Marcha atópica: progresión de otras enfermedades alérgicas

Se trata de una patología de base genética caracterizada por mutaciones en diferentes proteínas, como la filagrina, en la que hay alteración de la barrera cutánea y un trastorno inmunológico. Se trata de una patología de base genética caracterizada por mutaciones en diferentes proteínas, como la filagrina, en la que hay alteración de la barrera cutánea y un trastorno inmunológico.

Diana Castañeda
Agencia Latina de Noticias de Medicina y Salud Pública

La marcha atópica consiste en la evolución de padecimientos alérgicos desde el momento de sensibilización hasta la aparición de los síntomas clínicos. Desde el punto de vista inmunológico se correlaciona con la aparición de IgE específicas, primero a alérgenos alimentarios y luego a aeroalérgenos.
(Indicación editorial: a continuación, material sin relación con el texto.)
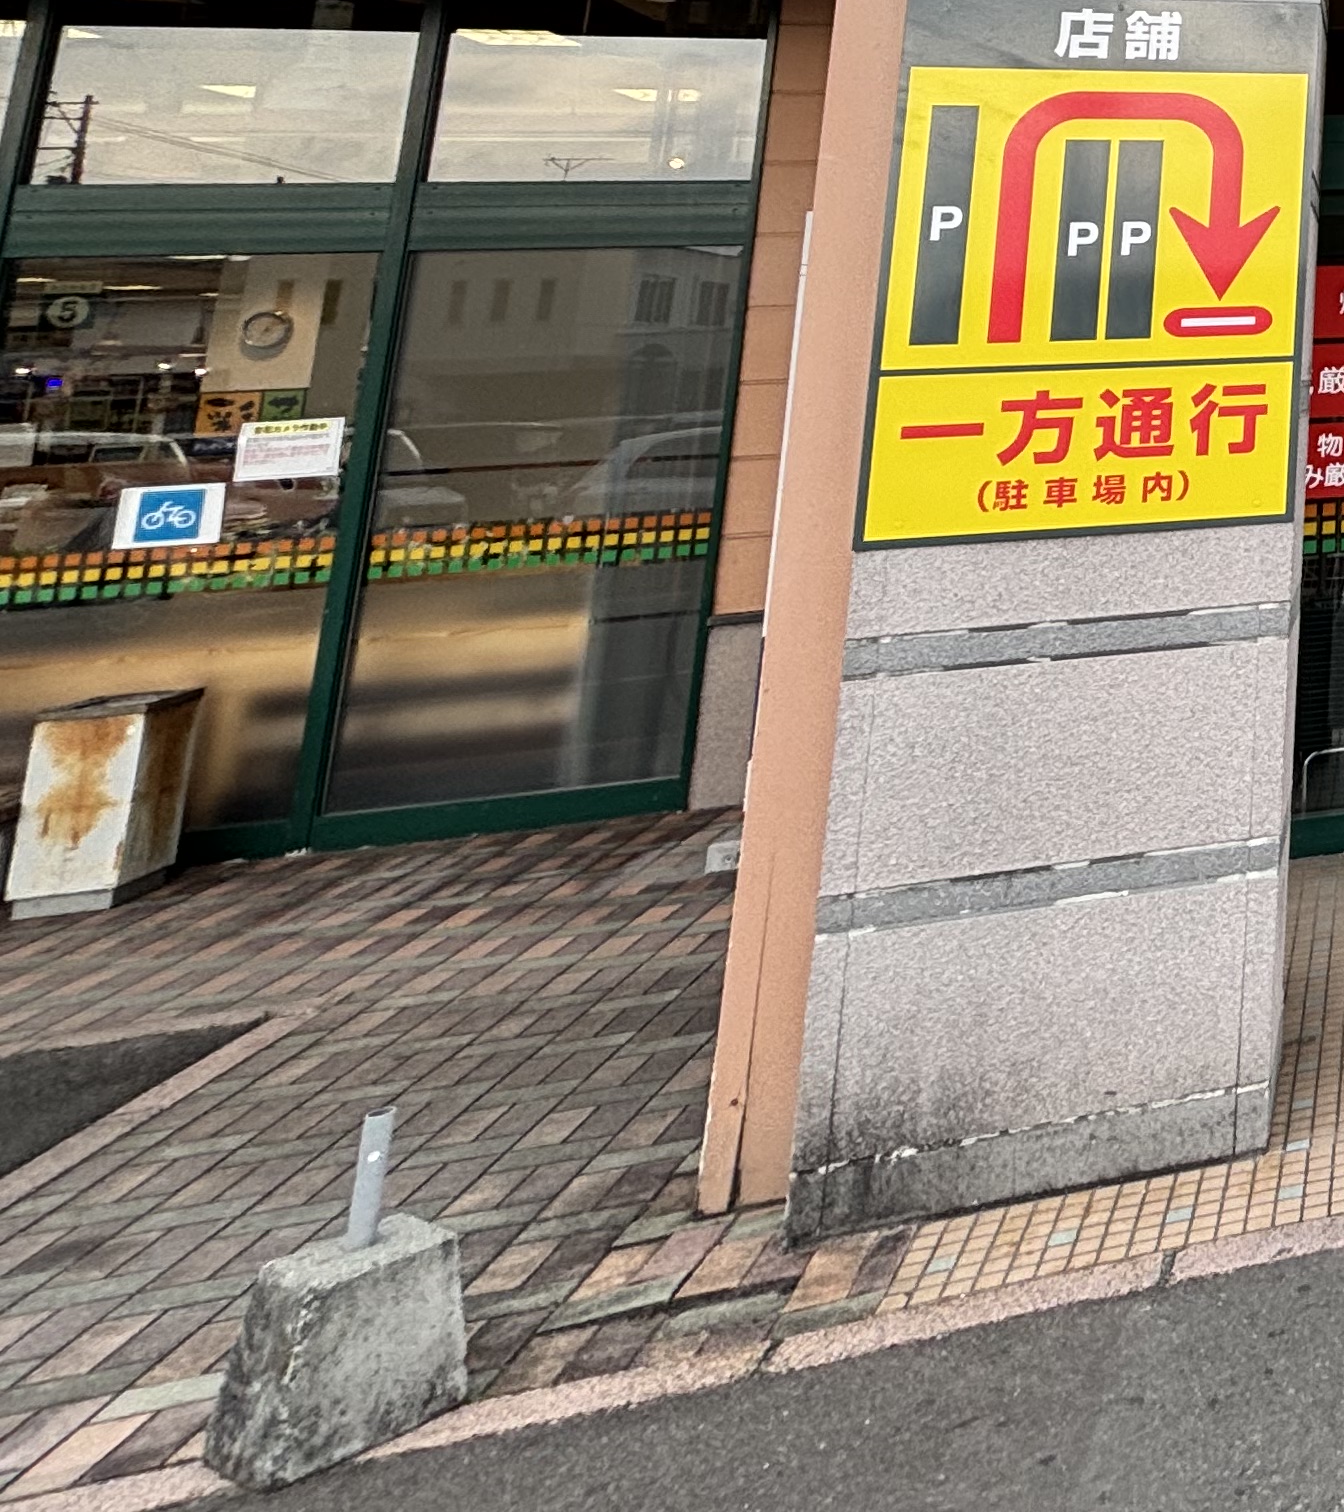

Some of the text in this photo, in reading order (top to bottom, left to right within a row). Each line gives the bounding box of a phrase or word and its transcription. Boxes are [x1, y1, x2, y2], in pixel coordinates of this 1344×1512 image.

[1054, 8, 1182, 61] 店舗
[930, 205, 963, 242] P
[1067, 220, 1152, 257] P P
[57, 299, 77, 322] 5
[900, 383, 1268, 467] 一方通行
Expertos en dermatología coinciden en que, actualmente la población vive sometida bajo la incidencia de padecimientos alérgicos que se han venido incrementando a través del tiempo.
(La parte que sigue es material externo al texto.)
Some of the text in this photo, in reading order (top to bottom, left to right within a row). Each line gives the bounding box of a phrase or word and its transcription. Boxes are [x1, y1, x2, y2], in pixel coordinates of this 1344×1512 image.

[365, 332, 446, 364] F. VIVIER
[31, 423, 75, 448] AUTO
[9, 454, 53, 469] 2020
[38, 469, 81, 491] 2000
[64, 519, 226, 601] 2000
Algunos estudios genéticos han permitido identificar quiénes podrían ser estos pacientes e iniciar en ellos algunas medidas preventivas, o bien conocer cuál será su respuesta a los medicamentos.

Un reporte de la revista de la Facultad de México, a través de su portal scielo.org argumenta que, en la primera década de la vida se lleva a cabo el completo desarrollo y maduración del sistema inmunológico, donde además de los cuadros infecciosos, principalmente de vías respiratorias y gastrointestinales, los procesos alérgicos tienen su mayor prevalencia.
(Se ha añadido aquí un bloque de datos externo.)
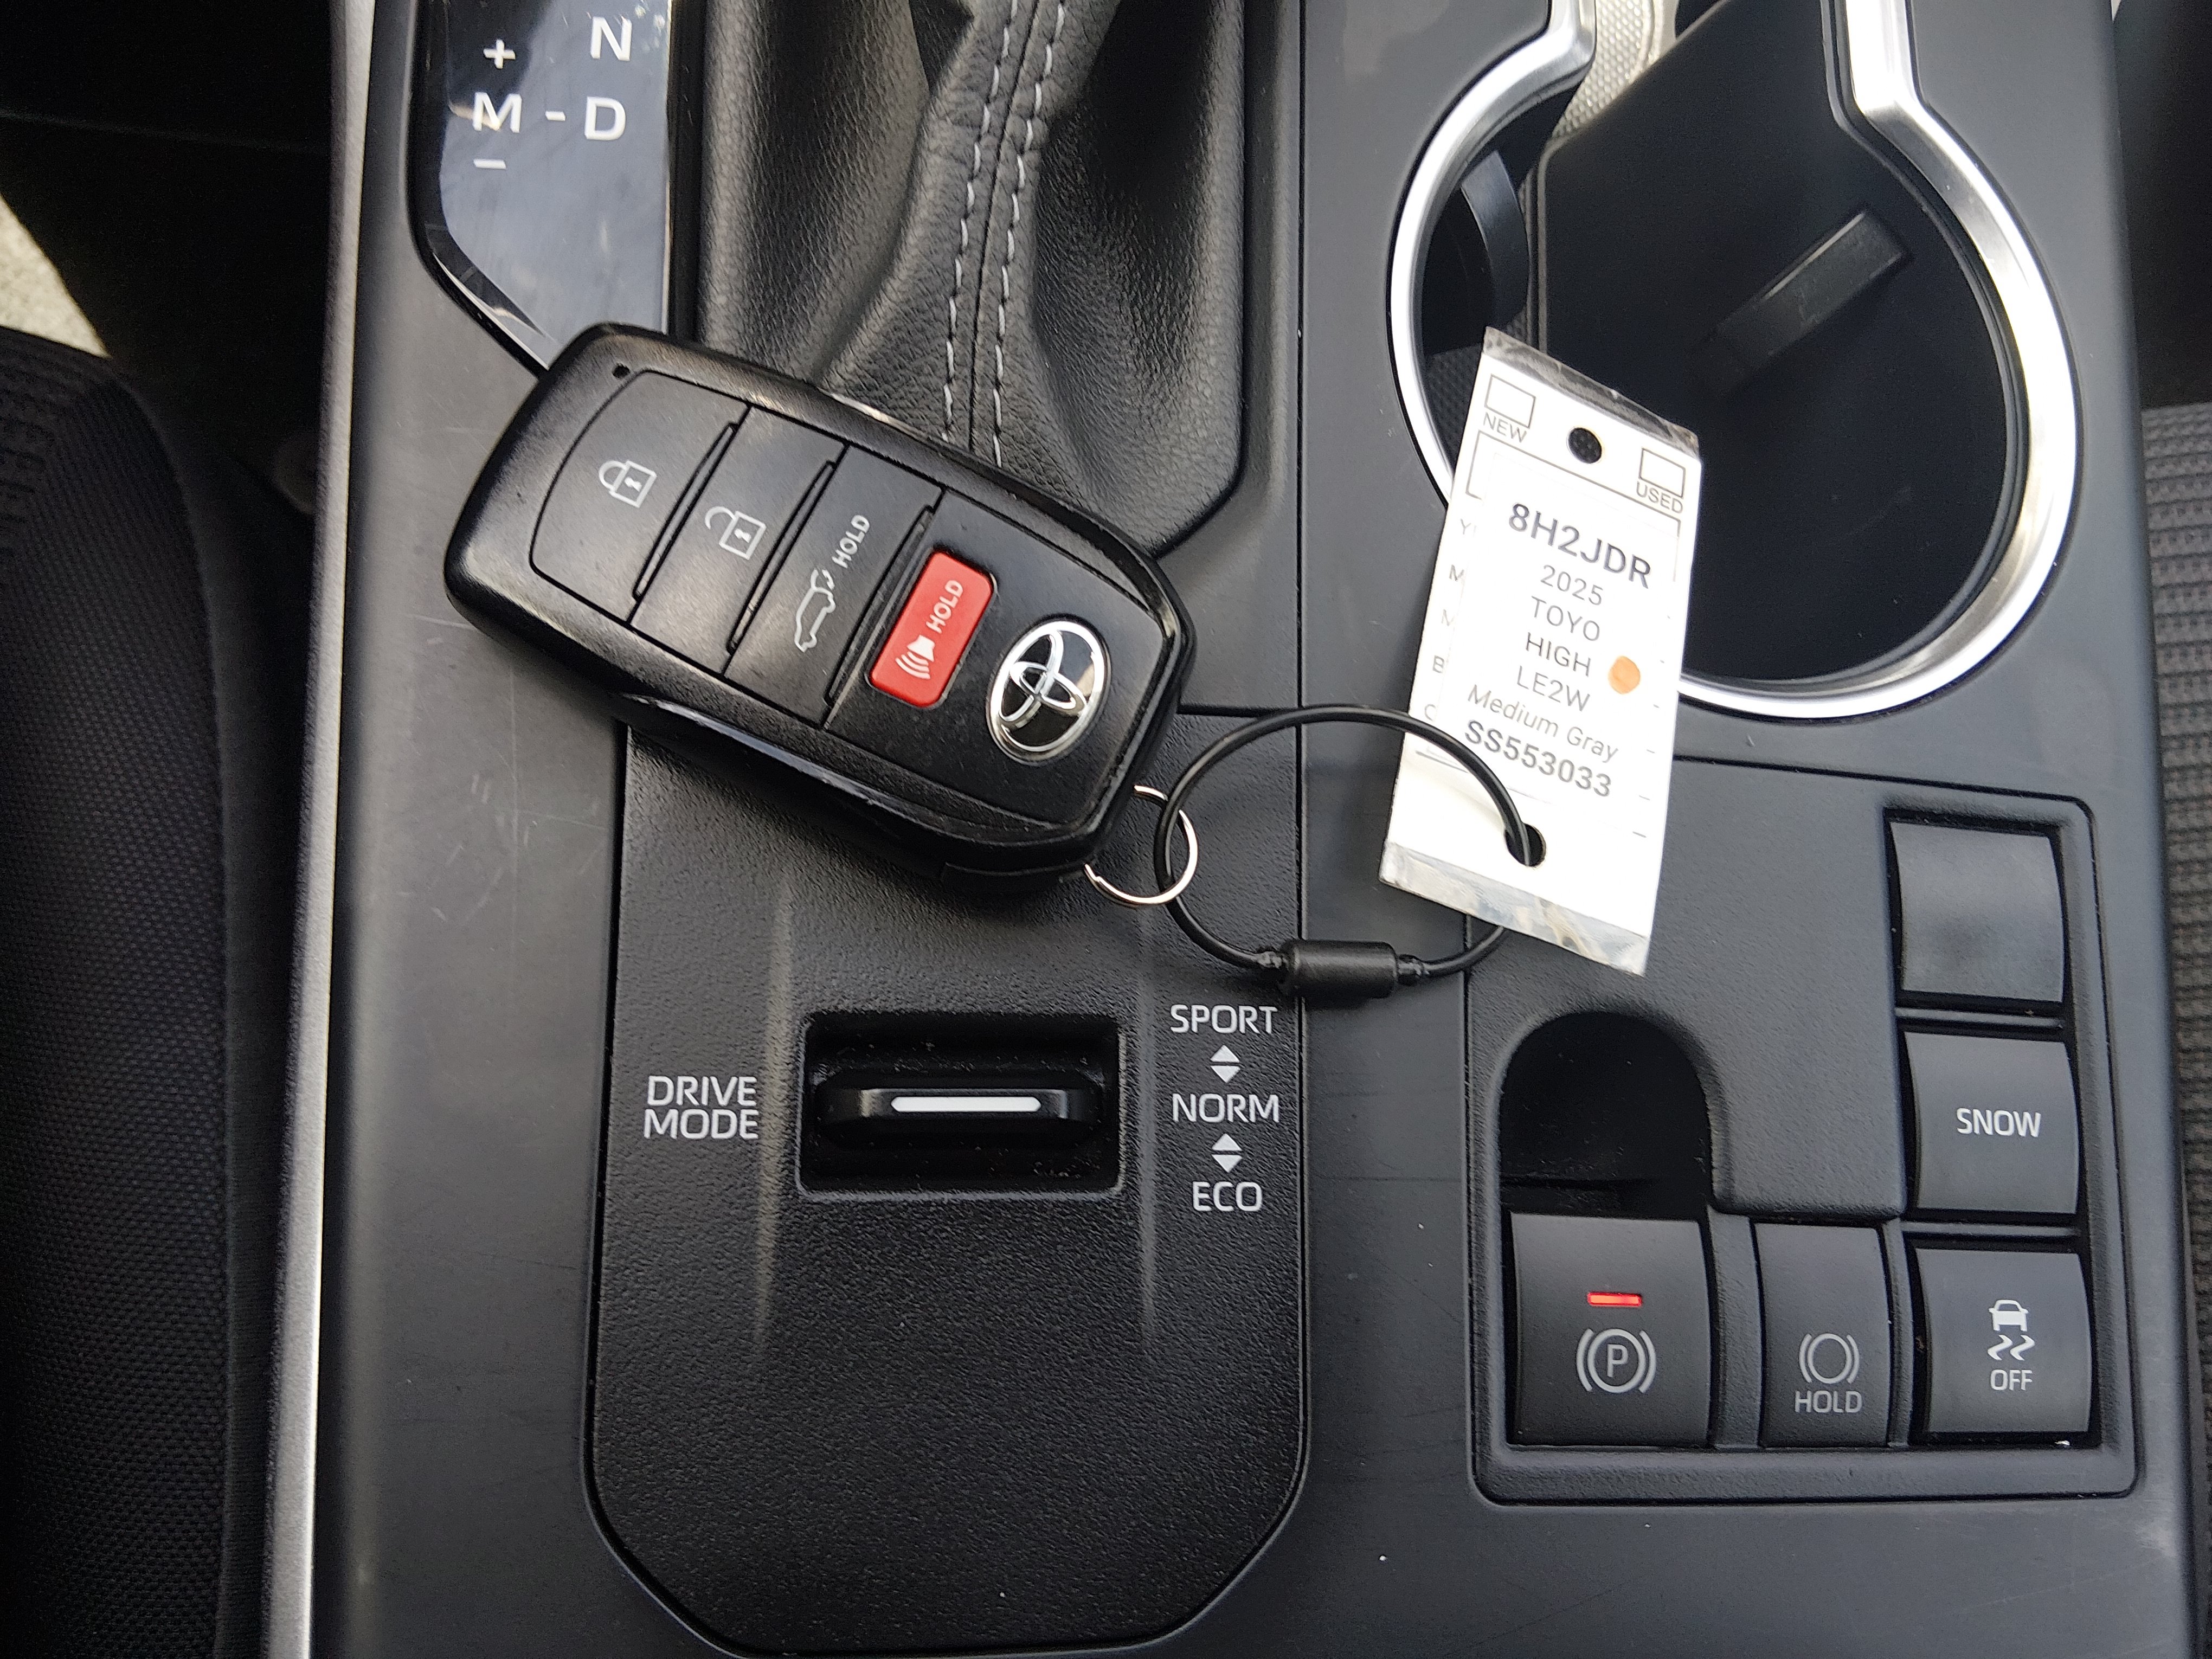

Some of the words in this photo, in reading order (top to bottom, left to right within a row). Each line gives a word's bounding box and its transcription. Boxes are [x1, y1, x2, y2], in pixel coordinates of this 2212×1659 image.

[590, 16, 632, 61] N
[472, 92, 523, 133] M
[584, 96, 627, 141] D
[1482, 412, 1528, 443] NEW
[1635, 481, 1683, 515] USED
[832, 515, 870, 569] HOLD
[1508, 502, 1652, 589] 8H2JDR
[1540, 564, 1603, 606] 2025
[926, 579, 964, 634] HOLD
[1531, 596, 1600, 642] TOYO
[1525, 632, 1592, 677] HIGH
[1516, 665, 1591, 712] LE2W
[1468, 684, 1559, 737] Medium
[1566, 726, 1619, 763] Gray
[1464, 719, 1612, 798] SS553033
[1170, 1004, 1278, 1035] SPORT
[647, 1075, 758, 1106] DRIVE
[1172, 1093, 1280, 1123] NORM
[644, 1108, 759, 1140] MODE
[1956, 1107, 2042, 1139] SNOW
[1192, 1181, 1263, 1212] ECO
[1606, 1343, 1628, 1378] P
[1989, 1369, 2034, 1392] OFF
[1795, 1390, 1863, 1414] HOLD
A su vez, describen la importancia de conocer las condiciones ambientales en el hogar, ya que son otro de los puntos que hay que tener en cuenta; está demostrado que la exposición a alérgenos ambientales tiene un riesgo potencial muy alto de sensibilización, como sería el contacto con los ácaros y sus excretas o bien a alergenos de los animales como el gato.

Por otra parte, algunas investigaciones debaten el hecho de aplicar medidas extremas de higiene en el hogar, disminuirá la presencia de alergia, o bien, si solo tiene efecto como un factor de primer orden en el tratamiento del paciente alérgico.

También se ha determinado que otra causa del incremento de estas enfermedades es la migración hacia las ciudades altamente industrializadas y los niveles socioeconómicos, comprobando que la mayor incidencia de padecimientos alérgicos es mayor en la ciudad.

Controlar la dermatitis podría detener la marcha atópica

Según un artículo publicado en el medio Redacción Médica, controlar mejor la dermatitis puede ser una forma de detener la marcha atópica, un grupo de comorbilidades que se observan en los pacientes y que van desde la alergia de alimentos, la rinitis alérgica y el asma.

“No se sabe si interviniendo sobre la dermatitis se previenen las demás, pero es una vía que se debe intentar”, explica el coordinador del Grupo Español de Investigación de Dermatitis de Contacto y Alergia Cutánea (Geidac) de la Academia Española de Dermatología y Venereología, Juan Francisco Silvestre. Quien además insiste en las medidas que se deben implantar en la rutina de estos pacientes como evitar productos perfumados o utilizar cremas hidratantes.

Dentro del documento también se dice que la enfermedad se da en un 10-15 por ciento de la población infantil y en un 1-3 por ciento de la población adulta, aunque se piensa que en esta última se encuentra infra diagnosticada ya que es más difícil de detectar en esta etapa pues se confunde con eccemas de otros orígenes.

Se trata de una patología de base genética caracterizada por mutaciones en diferentes proteínas, como la filagrina, en la que hay alteración de la barrera cutánea y un trastorno inmunológico. “No se sabe qué va antes, si lo uno o lo otro. Pero sí se conoce bien que existen múltiples factores desencadenantes como los ambientales (cambios de temperatura o de humedad), irritantes (ropa de lana), alergias a conservantes o fragancias, sensibilidad al polen, infecciones en la piel o situaciones de estrés. Todos ellos pueden desencadenar la enfermedad”, reconoce el especialista para este medio en mención.

En cuanto a tratamientos como la inmunoterapia (vacunas), las dietas de eliminación y el uso de diferentes medicamentos como los inhaladores, entre otras alternativas, permiten que los pacientes con alergias tengan una mejor calidad de vida.

Asimismo, se debe continuar con el estudio de la marcha atópica para generar el método más eficaz para el paciente y evitar la progresión de esta patología.